Directions for this task
Return the full listing unchanged, apart from leaving out its images.

Given data

=== Section Start ===

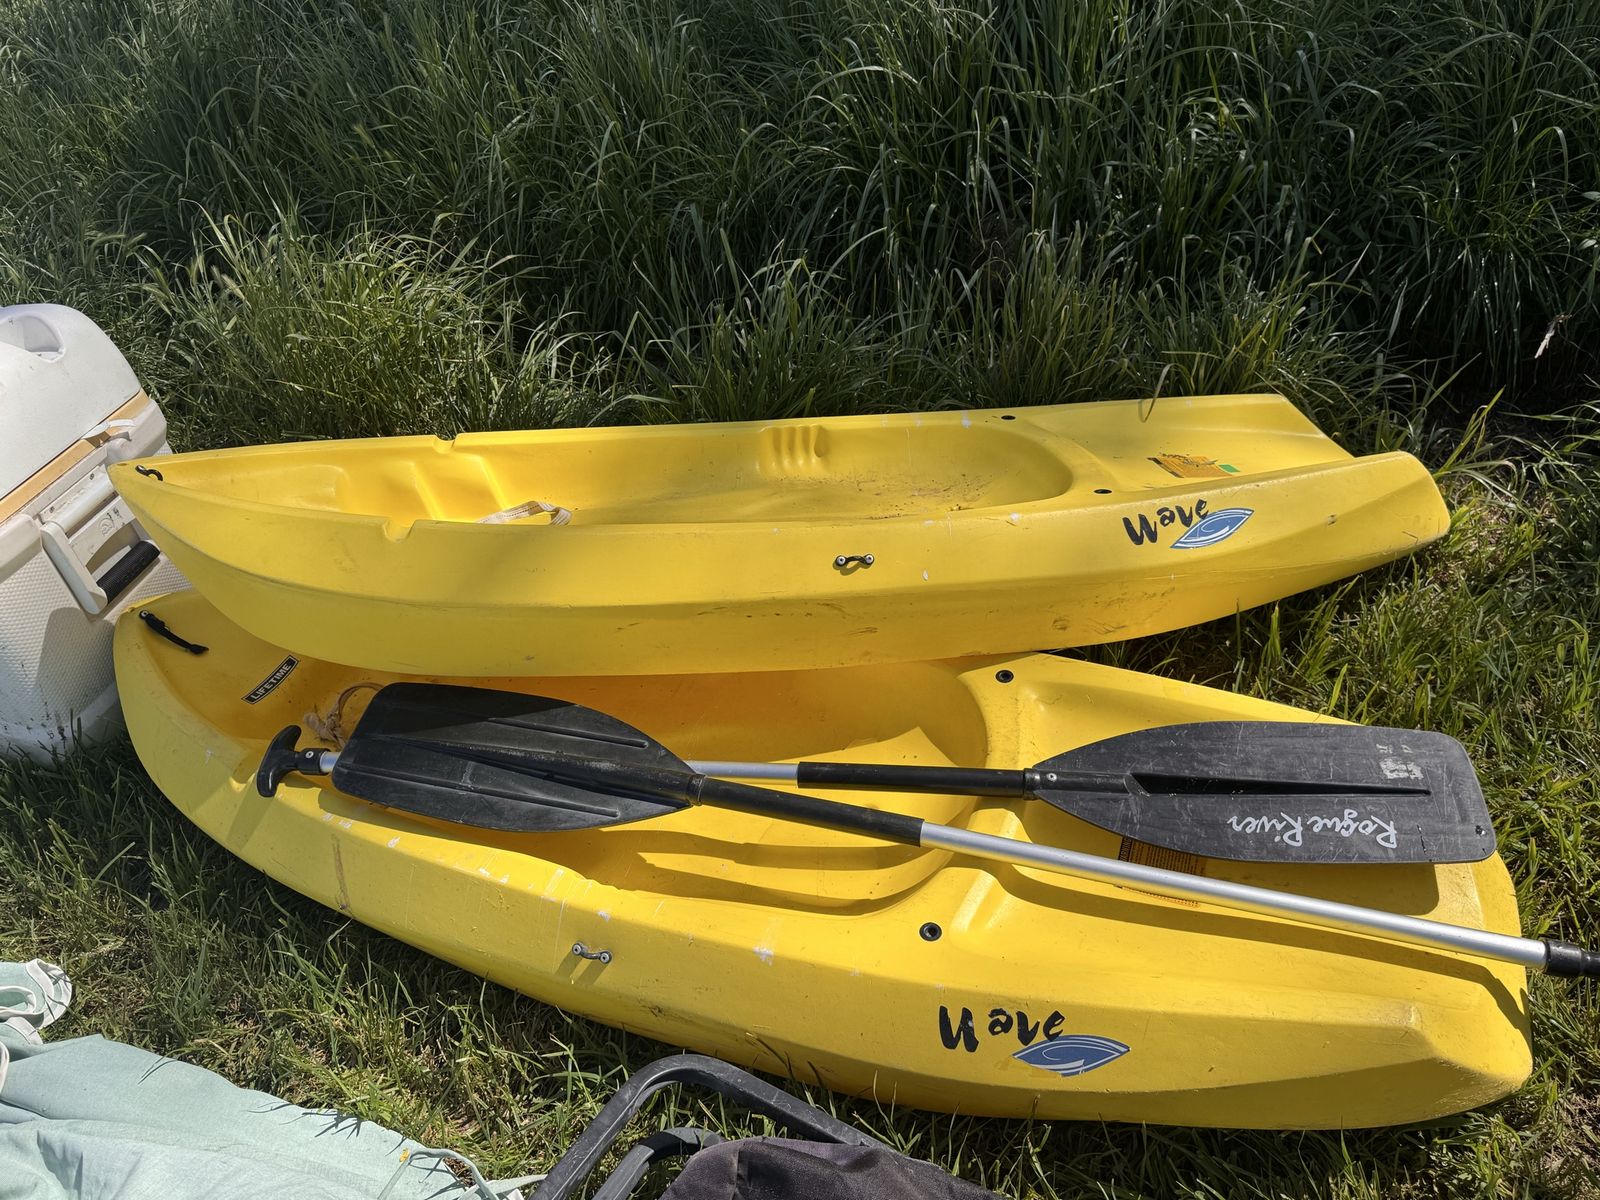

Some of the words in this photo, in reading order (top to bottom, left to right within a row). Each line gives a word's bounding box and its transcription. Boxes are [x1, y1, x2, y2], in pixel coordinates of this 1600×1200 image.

[1122, 499, 1209, 545] Wave
[250, 663, 291, 700] LIFETIME
[1227, 811, 1303, 847] River
[1307, 809, 1398, 849] Rogue
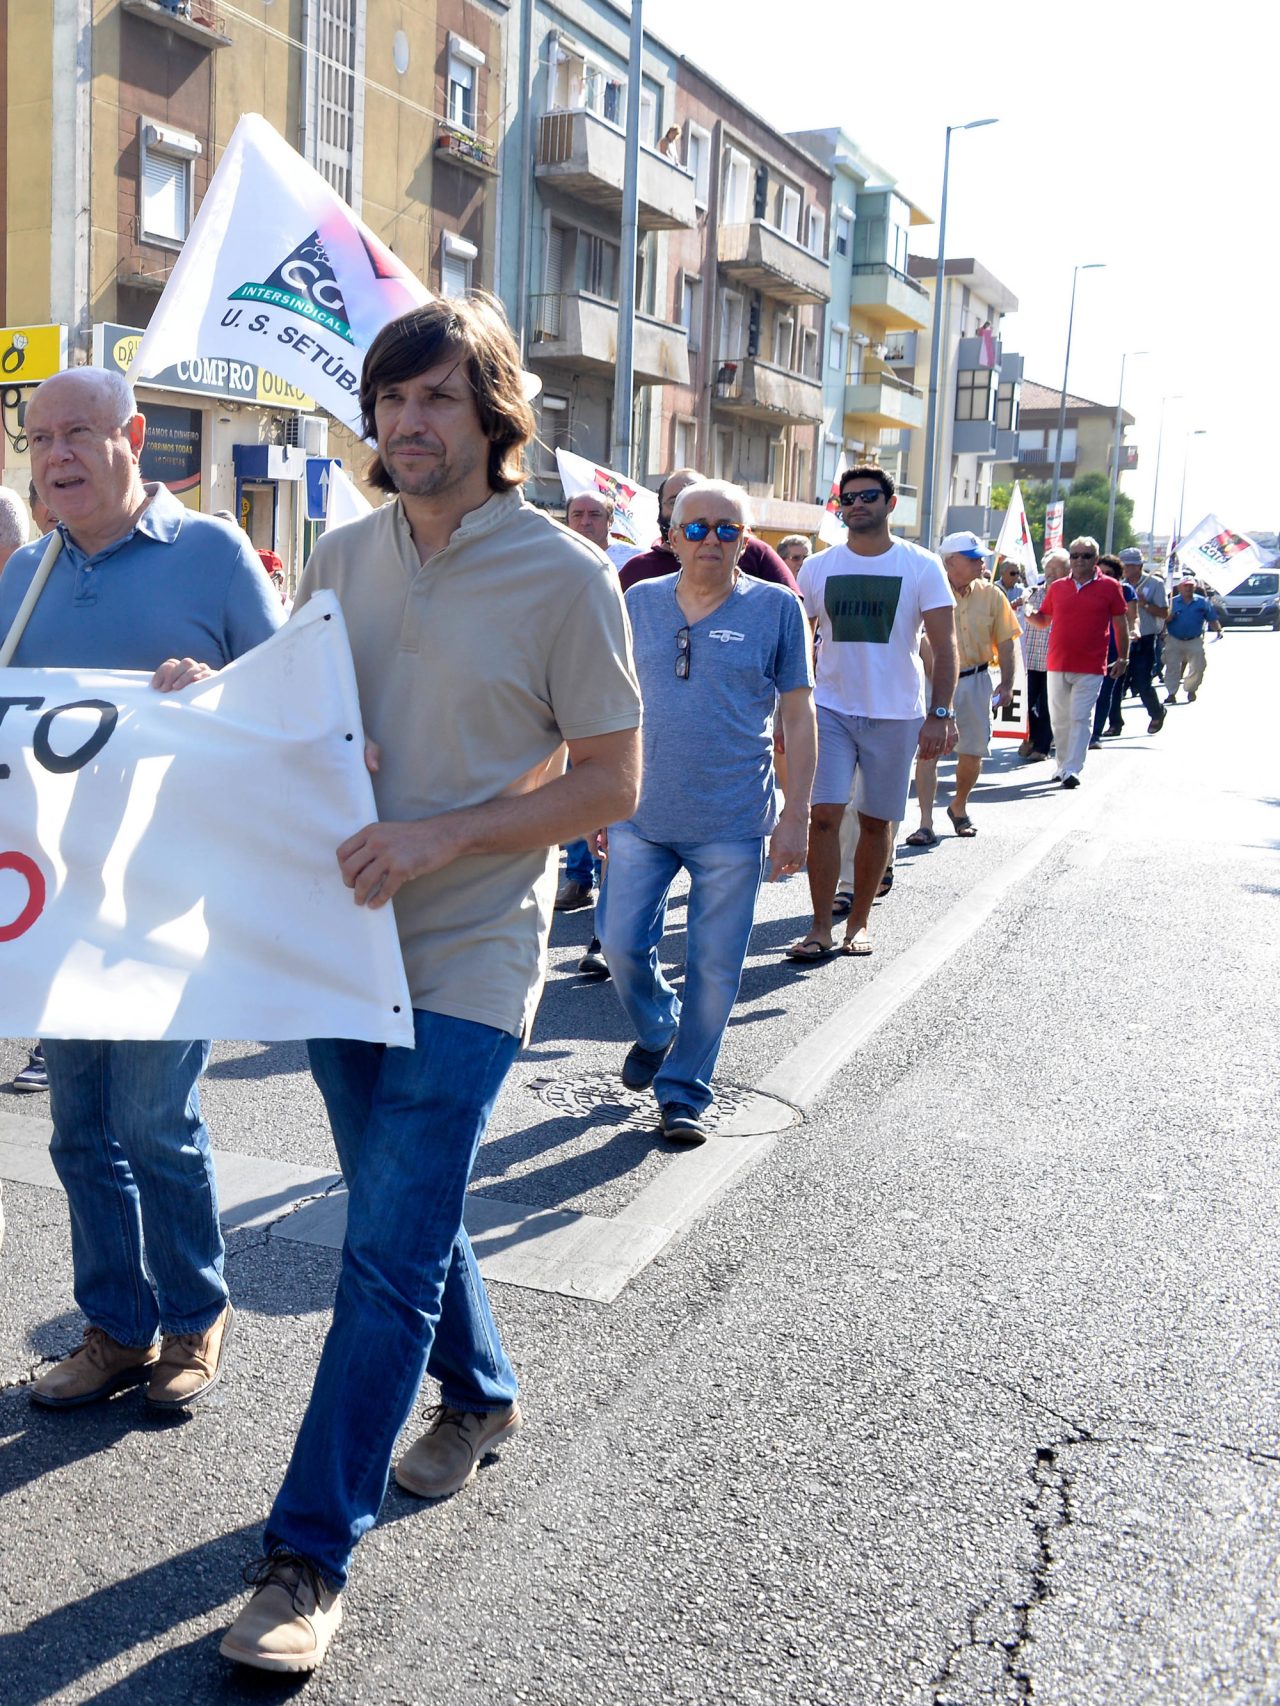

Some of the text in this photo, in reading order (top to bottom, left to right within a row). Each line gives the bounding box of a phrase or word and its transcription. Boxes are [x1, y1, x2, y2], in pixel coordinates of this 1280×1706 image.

[220, 308, 243, 328] U.
[248, 314, 270, 335] S.
[241, 286, 341, 332] INTERSINDICAL
[176, 357, 254, 391] COMPRO
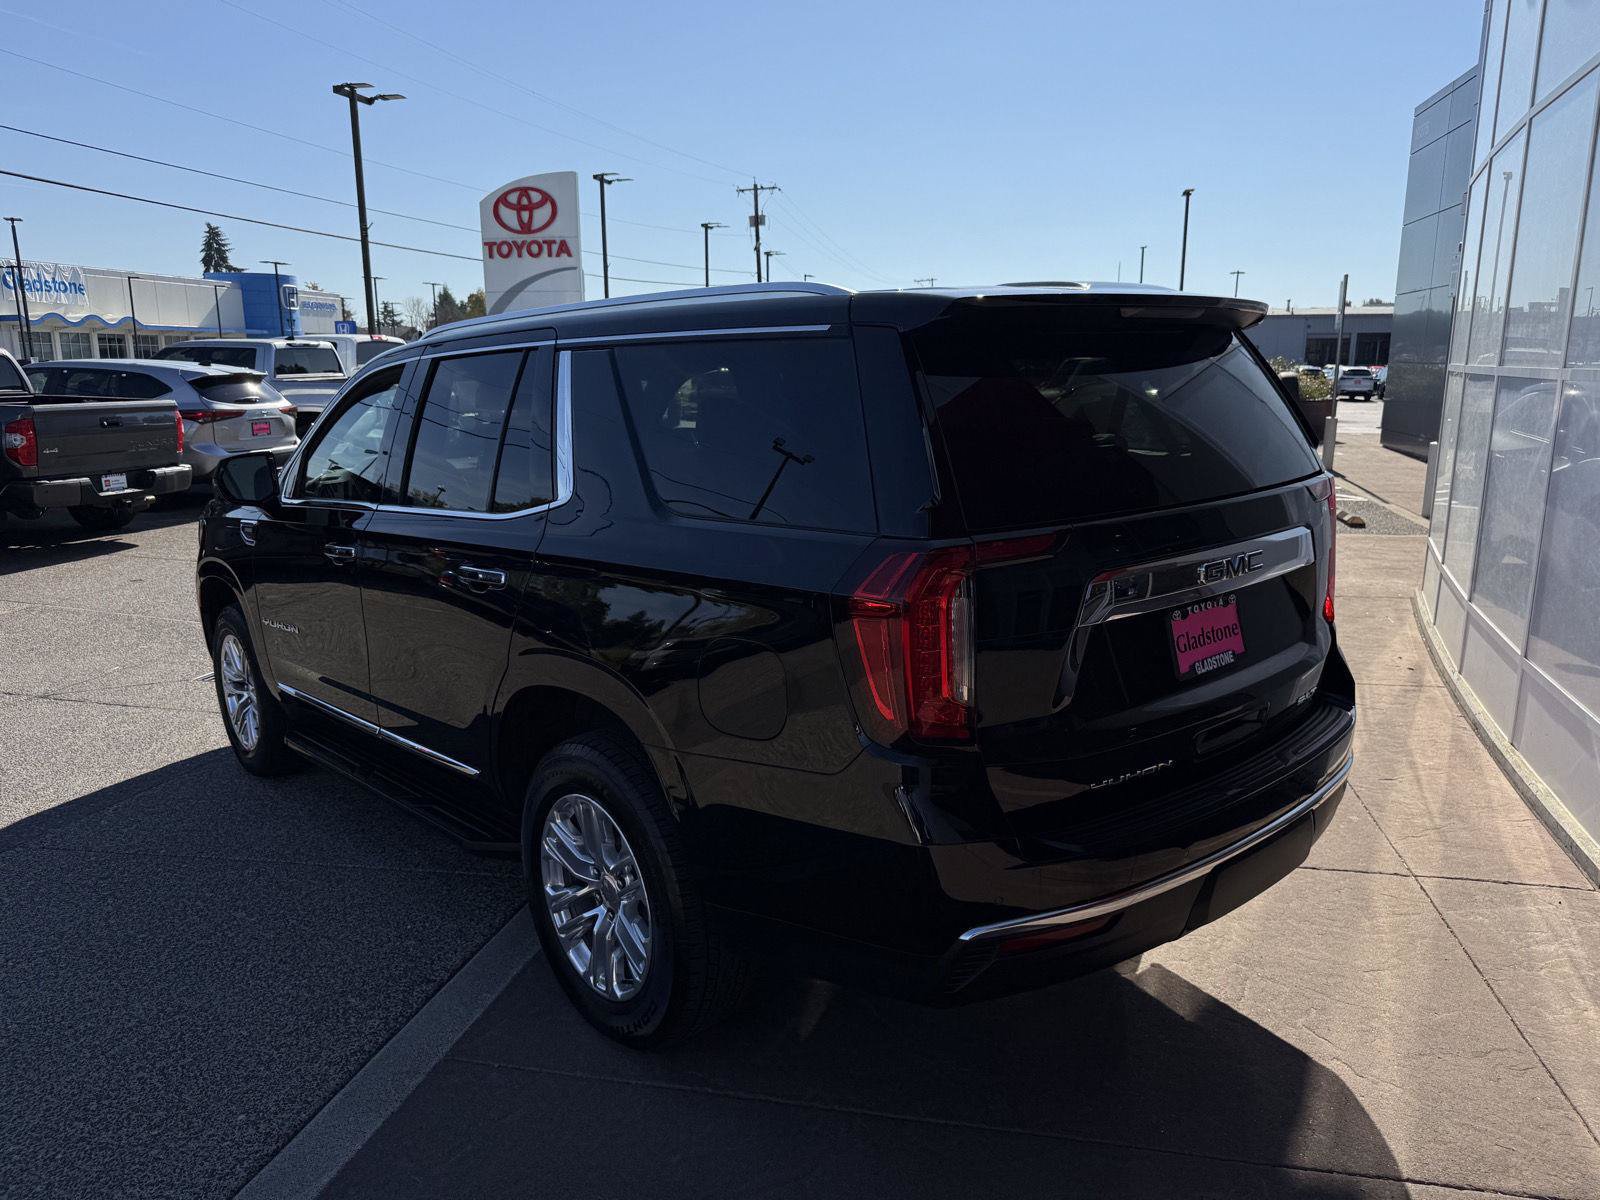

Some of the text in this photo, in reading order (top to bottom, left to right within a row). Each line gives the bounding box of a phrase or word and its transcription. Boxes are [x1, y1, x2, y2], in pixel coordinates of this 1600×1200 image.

[483, 239, 573, 259] TOYOTA
[2, 270, 86, 296] Gadstone
[1197, 549, 1264, 585] GMC
[1187, 598, 1224, 615] TOYOTA
[262, 617, 299, 634] YUKON
[1176, 622, 1239, 654] Gladstone
[1194, 650, 1235, 675] GLADSTONE

=== Section End ===

Reply to the exercise
Some of the words in this photo, in reading order (top to bottom, left to right within a row). Each line gives a word's bounding box and its transcription. Boxes are [x1, y1, x2, y2], in pixel coordinates of this 1600×1200 image.

[1122, 499, 1209, 545] Wave
[250, 663, 291, 700] LIFETIME
[1227, 811, 1303, 847] River
[1307, 809, 1398, 849] Rogue

Some of the text in this photo, in reading order (top to bottom, left to right within a row). Each line gives the bounding box of a phrase or word and its transcription. Boxes are [x1, y1, x2, y2], in pixel coordinates of this 1280×1706 image.

[220, 308, 243, 328] U.
[248, 314, 270, 335] S.
[241, 286, 341, 332] INTERSINDICAL
[176, 357, 254, 391] COMPRO

Some of the text in this photo, in reading order (top to bottom, left to right within a row). Each line gives the bounding box of a phrase or word and its transcription. Boxes are [x1, y1, x2, y2], in pixel coordinates of this 1600×1200 image.

[483, 239, 573, 259] TOYOTA
[2, 270, 86, 296] Gadstone
[1197, 549, 1264, 585] GMC
[1187, 598, 1224, 615] TOYOTA
[262, 617, 299, 634] YUKON
[1176, 622, 1239, 654] Gladstone
[1194, 650, 1235, 675] GLADSTONE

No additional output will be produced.